*** INPUT MATERIAL
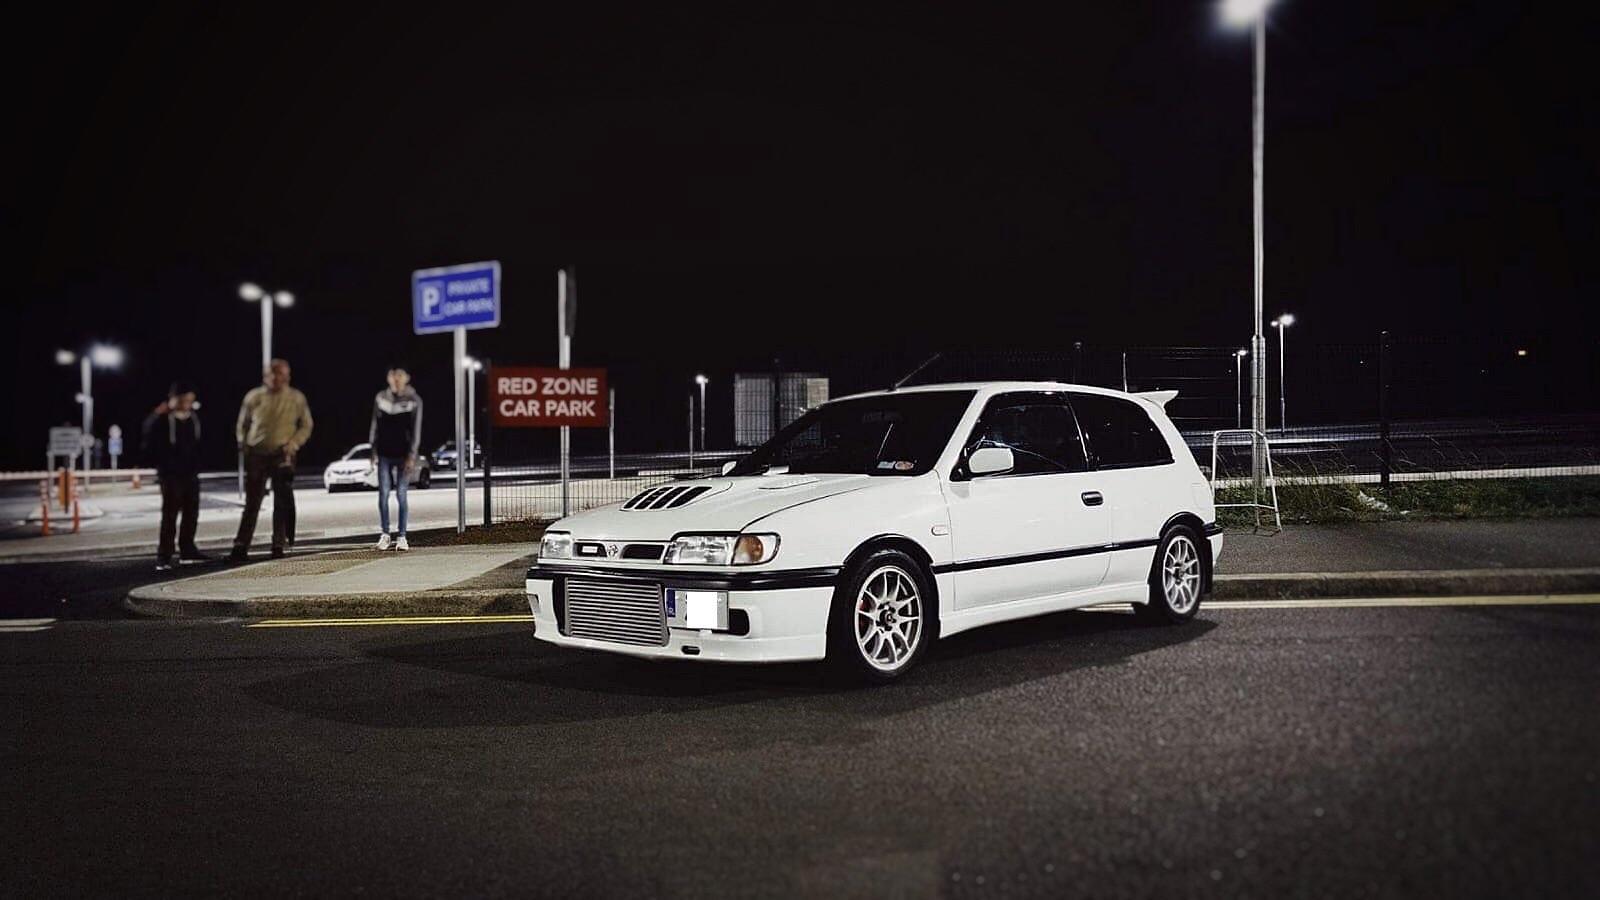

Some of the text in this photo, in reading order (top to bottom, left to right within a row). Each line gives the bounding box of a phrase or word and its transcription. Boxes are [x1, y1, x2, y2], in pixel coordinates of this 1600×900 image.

[422, 286, 440, 317] P
[444, 301, 465, 316] CAR
[498, 377, 599, 395] RED ZONE
[499, 399, 596, 417] CAR PARK
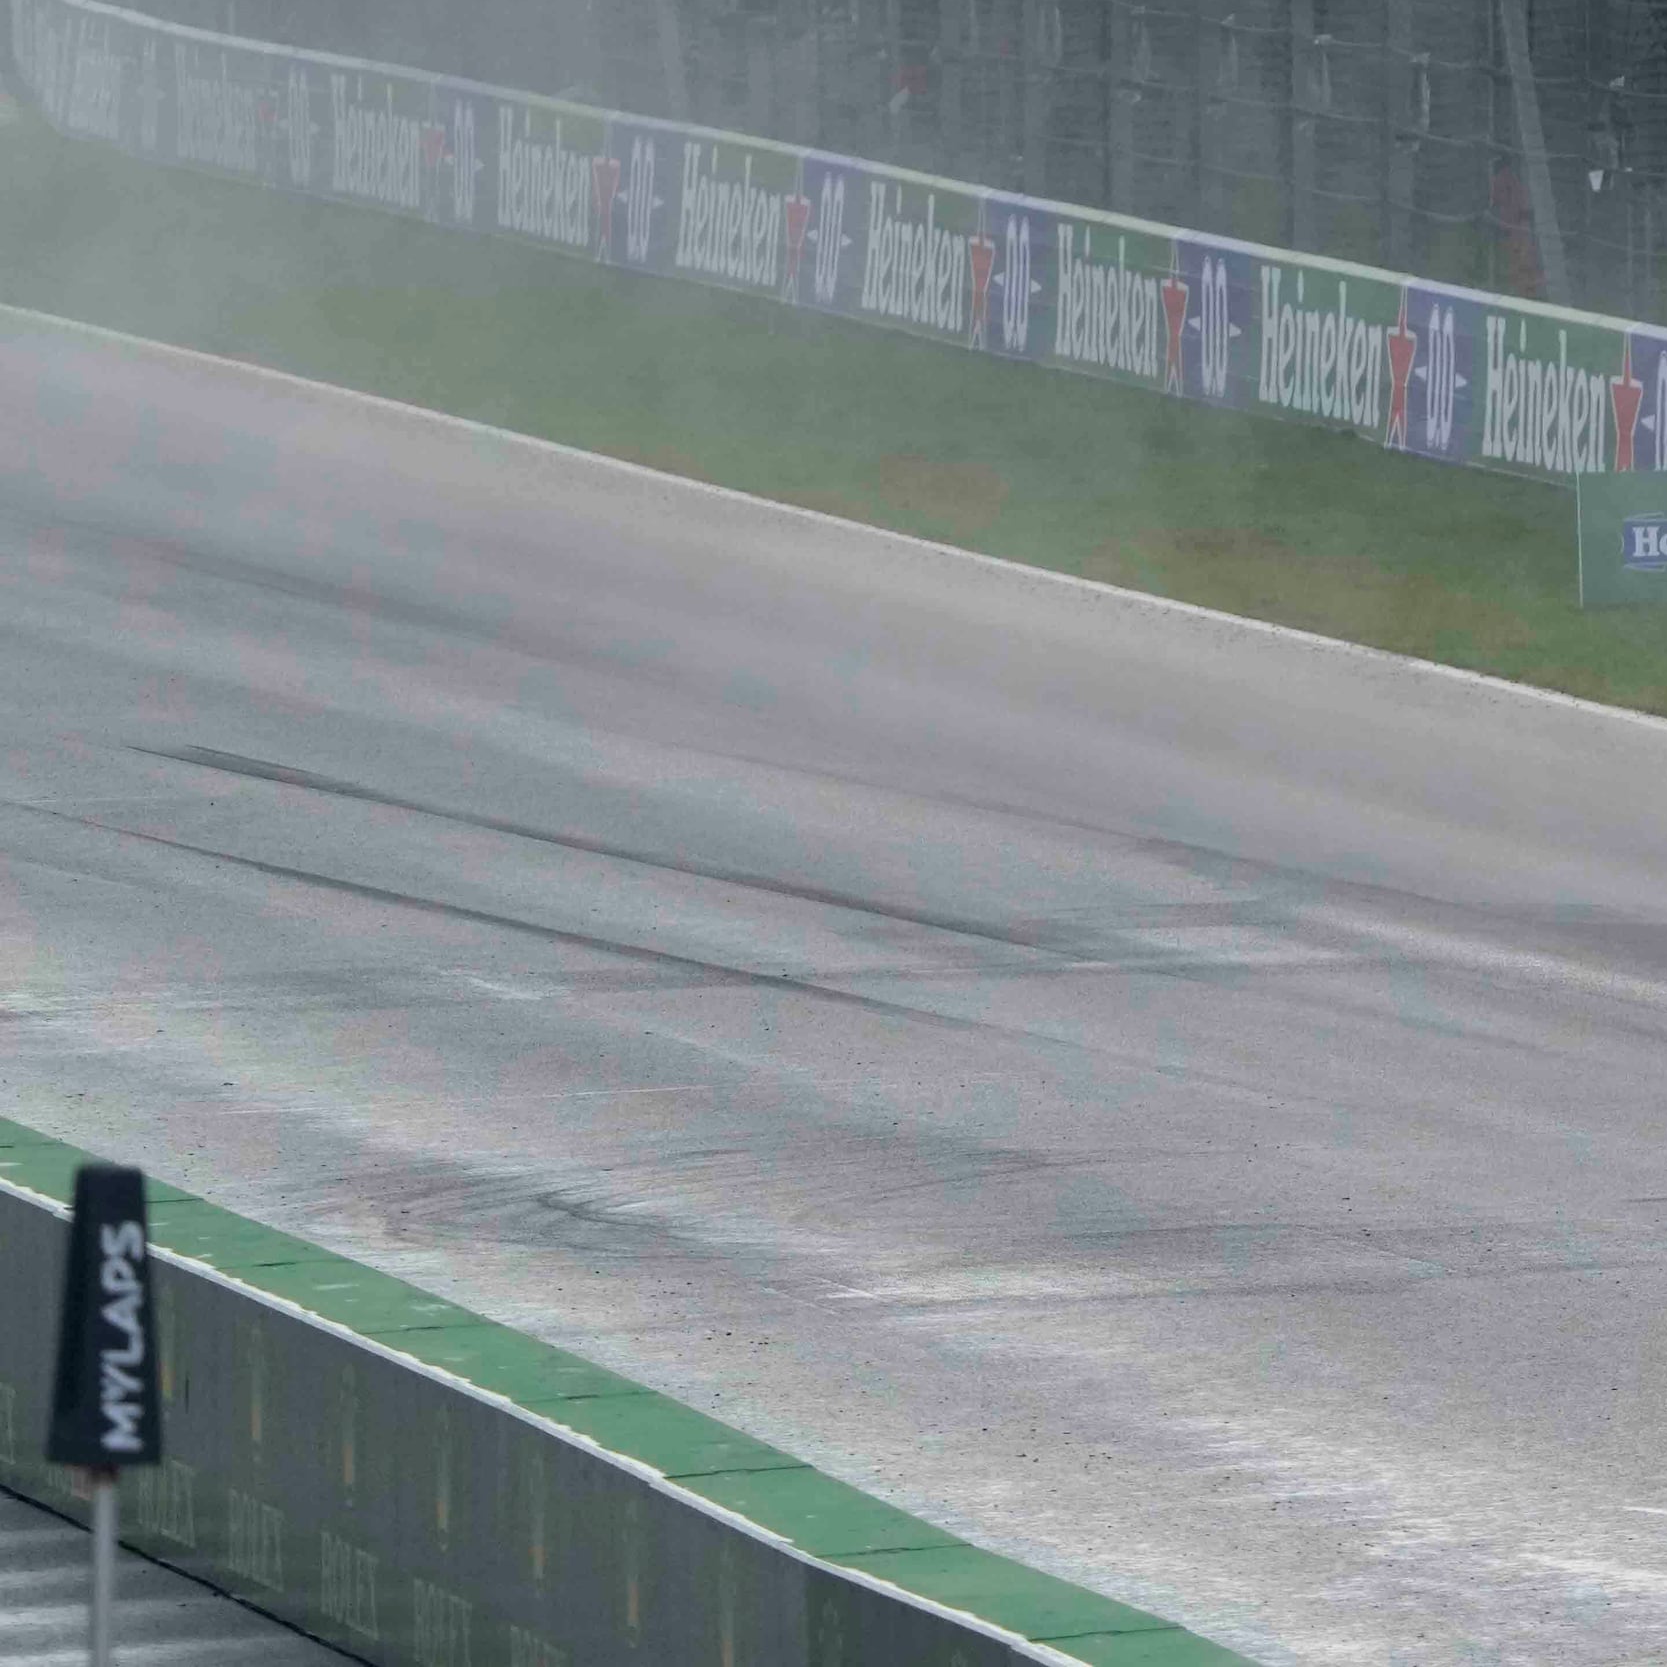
******
Every line above should be transcribed word for word; leave the pictures out.

Some of the text in this photo, in reading order (top to bottom, left to right within a row). Each line gives the bounding box of a phrase or word and its transcription. Boxes are [x1, y1, x2, y2], in pixel coordinates of this 1600×900 image.

[422, 286, 440, 317] P
[444, 301, 465, 316] CAR
[498, 377, 599, 395] RED ZONE
[499, 399, 596, 417] CAR PARK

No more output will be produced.